Most consumers can now purchase a reasonably good and reliable digital camera for an affordable price. Within the past decade, however, even the most complicated and advanced of the digital cameras have become remarkably affordable as well. Consider the many “prosumer” cameras and DSLRs (digital single lens reflex) varieties now available; these used to be priced in the thousands of dollars, but now few come close to such costs. This is due to the advances in production and technology that make more sensitive and durable equipment readily available as well as to the competitiveness in the market.

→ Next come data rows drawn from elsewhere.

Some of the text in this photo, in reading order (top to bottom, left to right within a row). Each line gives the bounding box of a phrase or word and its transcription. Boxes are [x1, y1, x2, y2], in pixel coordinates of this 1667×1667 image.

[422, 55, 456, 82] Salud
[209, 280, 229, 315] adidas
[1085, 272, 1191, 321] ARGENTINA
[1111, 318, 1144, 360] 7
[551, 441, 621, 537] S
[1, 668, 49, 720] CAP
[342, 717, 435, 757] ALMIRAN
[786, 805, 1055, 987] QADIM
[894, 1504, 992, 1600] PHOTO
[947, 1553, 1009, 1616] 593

There are some obvious and fundamental differences between the more basic of the “point and shoot” models and the DSLRs, but none are more obvious than their sensors. The sensors are where the image is recorded into the camera’s memory. The sensor is made of millions of tiny pixels which the camera translates into a recording of the scene to which the camera was exposed. This is the same process that happened with old-fashioned photographic film, but is now achieved entirely via electronic processes instead.
Modern point and shoot cameras use very small sensors in comparison to the DSLRs. Though the smaller sensors work remarkably well, the size of the DSLR sensors allows them to gather much more data and light per pixel. This means that the camera’s computer is better able to interpret the information which all translates to a superior and more accurate final image.

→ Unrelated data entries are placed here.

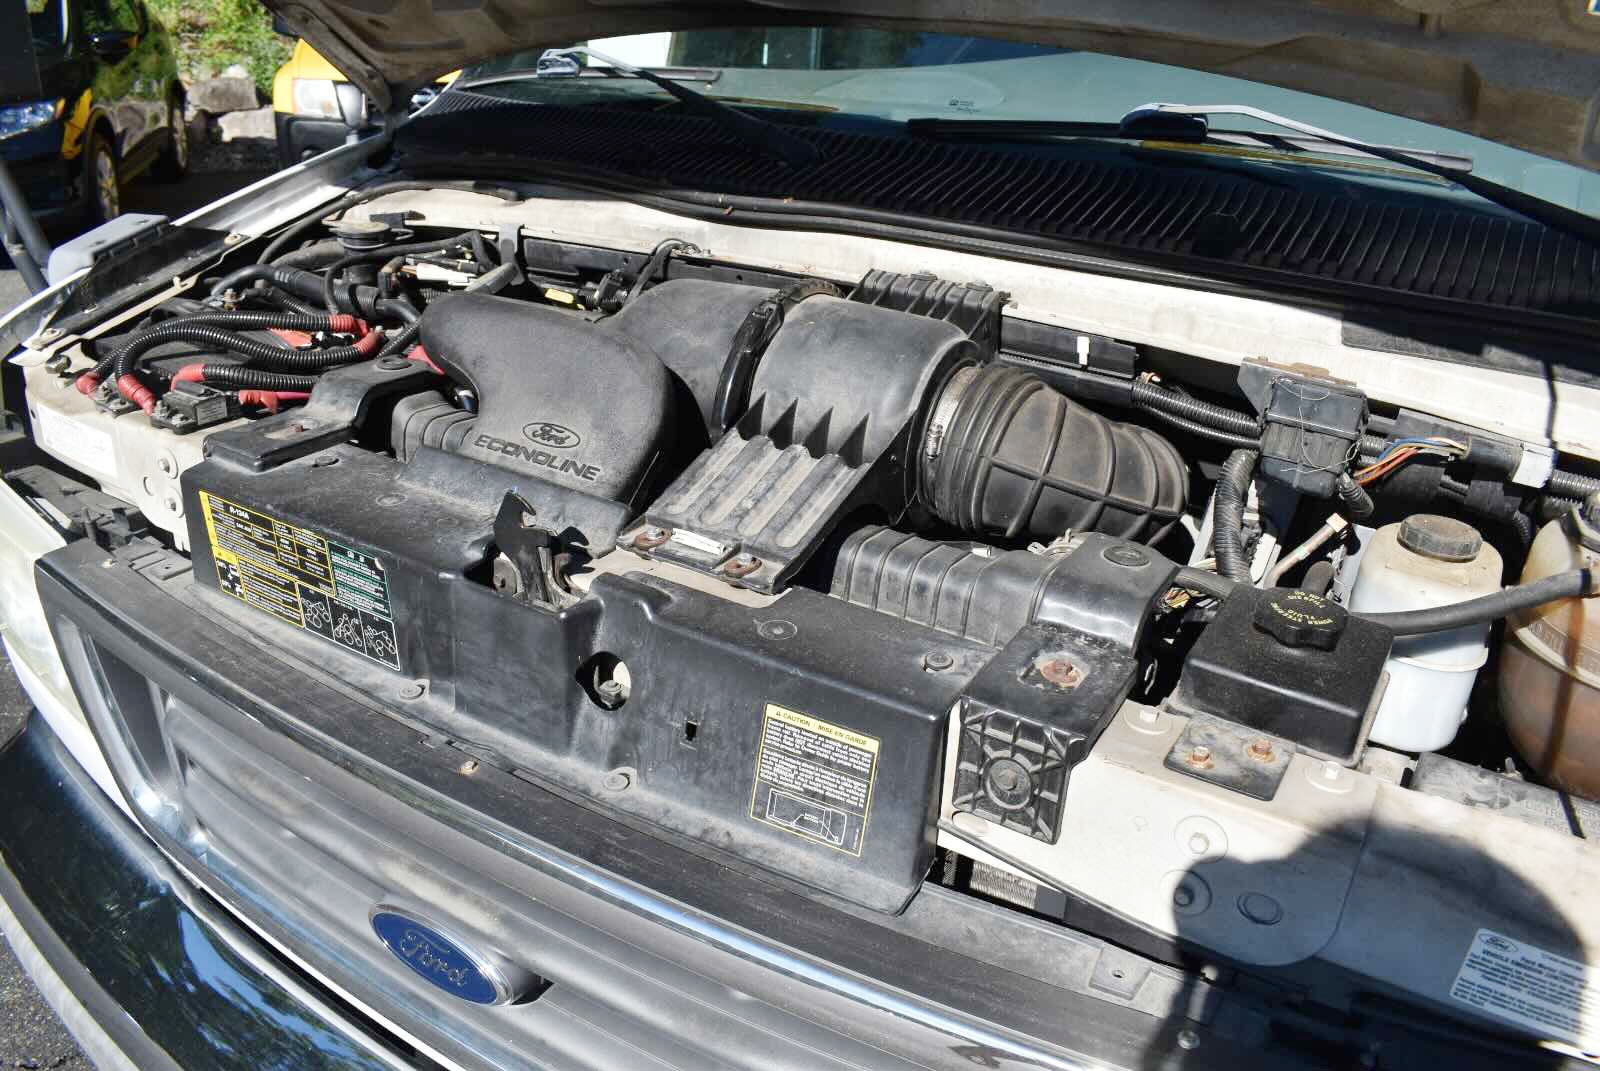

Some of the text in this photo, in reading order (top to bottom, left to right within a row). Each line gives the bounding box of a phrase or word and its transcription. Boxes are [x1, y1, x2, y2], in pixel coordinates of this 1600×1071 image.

[532, 423, 571, 445] Ford
[473, 434, 601, 481] ECONOLINE
[782, 712, 810, 726] CAUTION
[817, 724, 832, 734] MISE
[845, 734, 866, 746] GARDE
[400, 929, 468, 986] Ford

One good way to compare the differences between DSLR and point and shoot sensors is to look at “noise”. This is a common phenomenon with digital photography, and is basically the occasions when a photograph has off color dots or pixels in areas where there should be a single, solid color. This happens when the sensor is unable to translate the brightness (or darkness) coming in from the scene and the information becomes jumbled. Basically, this is something that occurs with far less frequency when a DSLR and its enormous sensor are used to record even complicated scenes.

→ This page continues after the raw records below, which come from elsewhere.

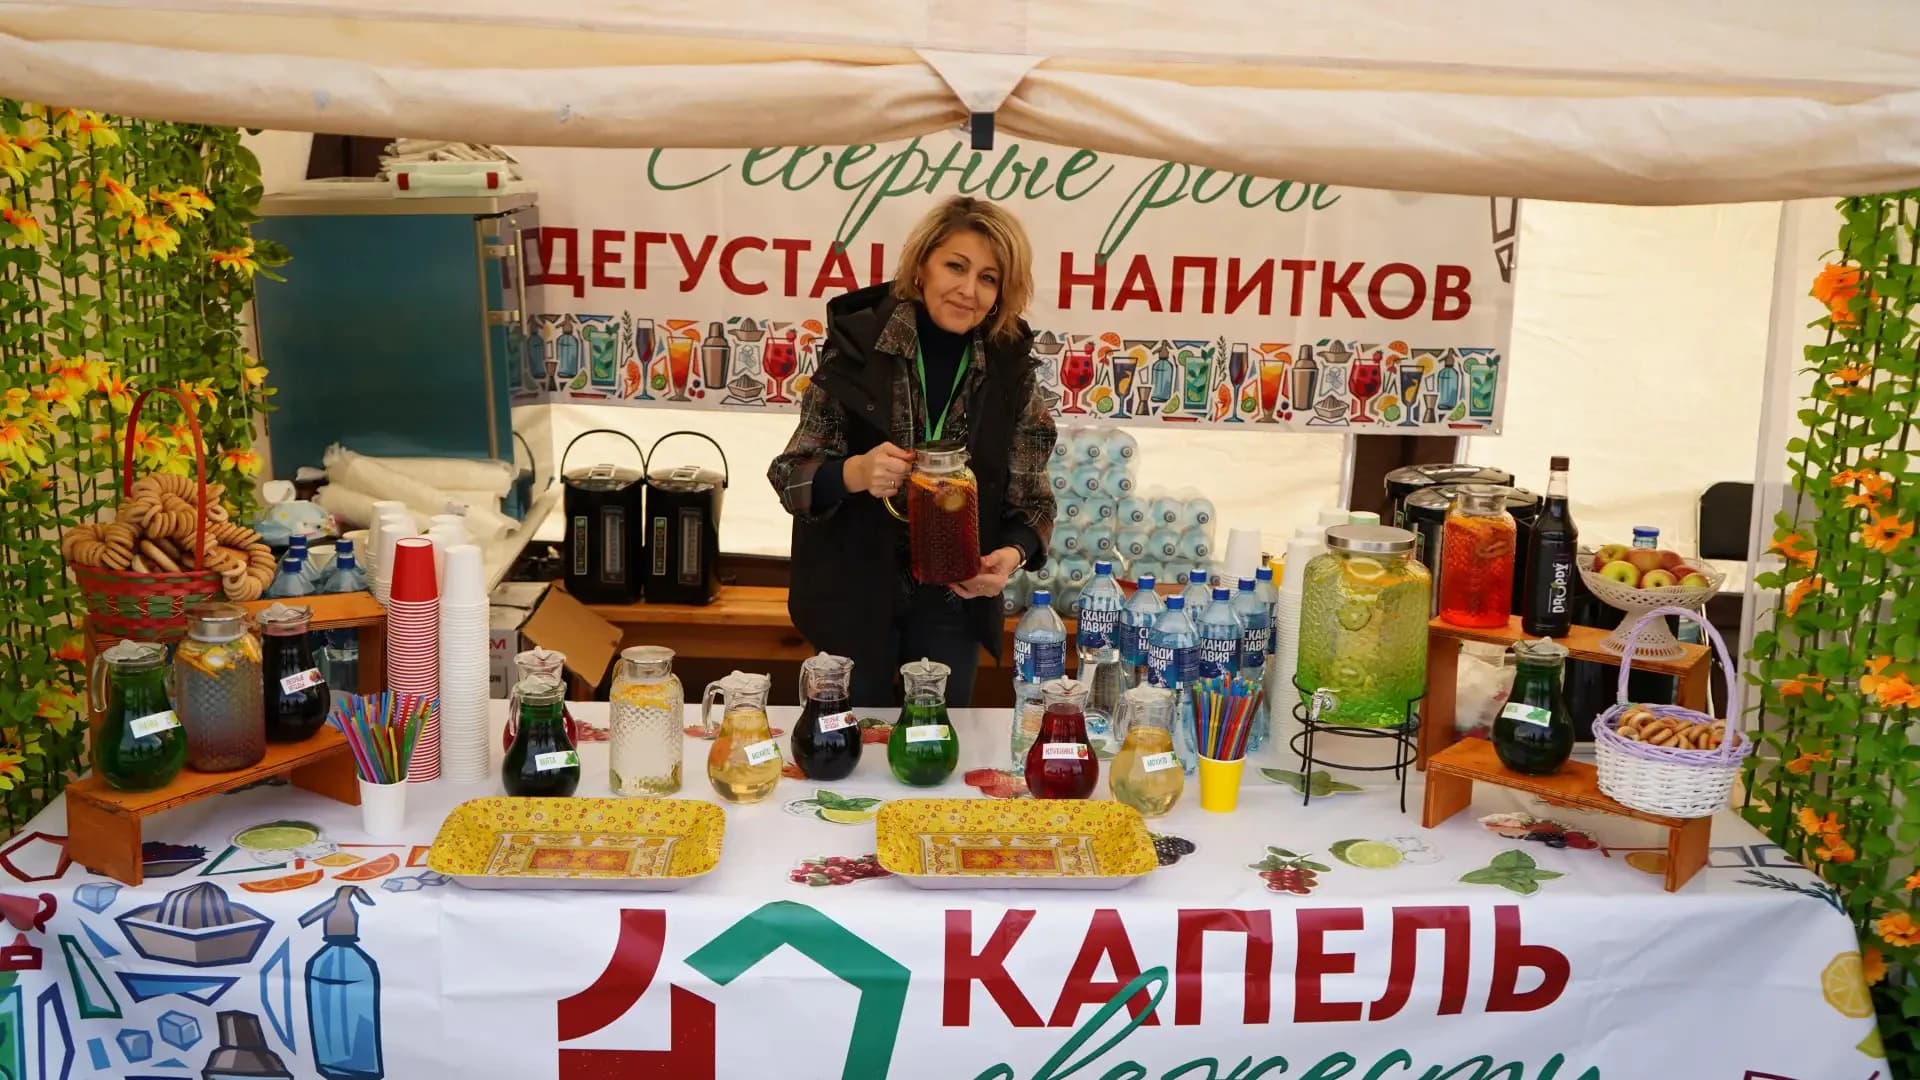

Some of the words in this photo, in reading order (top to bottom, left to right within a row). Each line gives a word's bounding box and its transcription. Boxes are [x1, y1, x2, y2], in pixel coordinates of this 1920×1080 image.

[541, 226, 884, 298] ДЕГУСТА
[1057, 252, 1472, 321] НАПИТКОВ
[1081, 609, 1119, 623] СКАНДИ
[1081, 620, 1113, 633] НАВИЯ
[1201, 638, 1236, 652] КАНДИ
[1201, 650, 1229, 663] АВИЯ
[943, 905, 1571, 1028] КАПЕЛЬ

Additionally, when a camera user places their equipment into a manual, rather than an automatic mode, they might often create scenarios in which the point and shoot sensor cannot accurately interpret the information because it is not getting adequate light. This too causes noise and results in unsatisfactory photographs.
Generally, the major difference between the sensors of DSLRs and point and shoot cameras is that the larger sensors produce the cleaner and more accurate results that are well-worth the investment.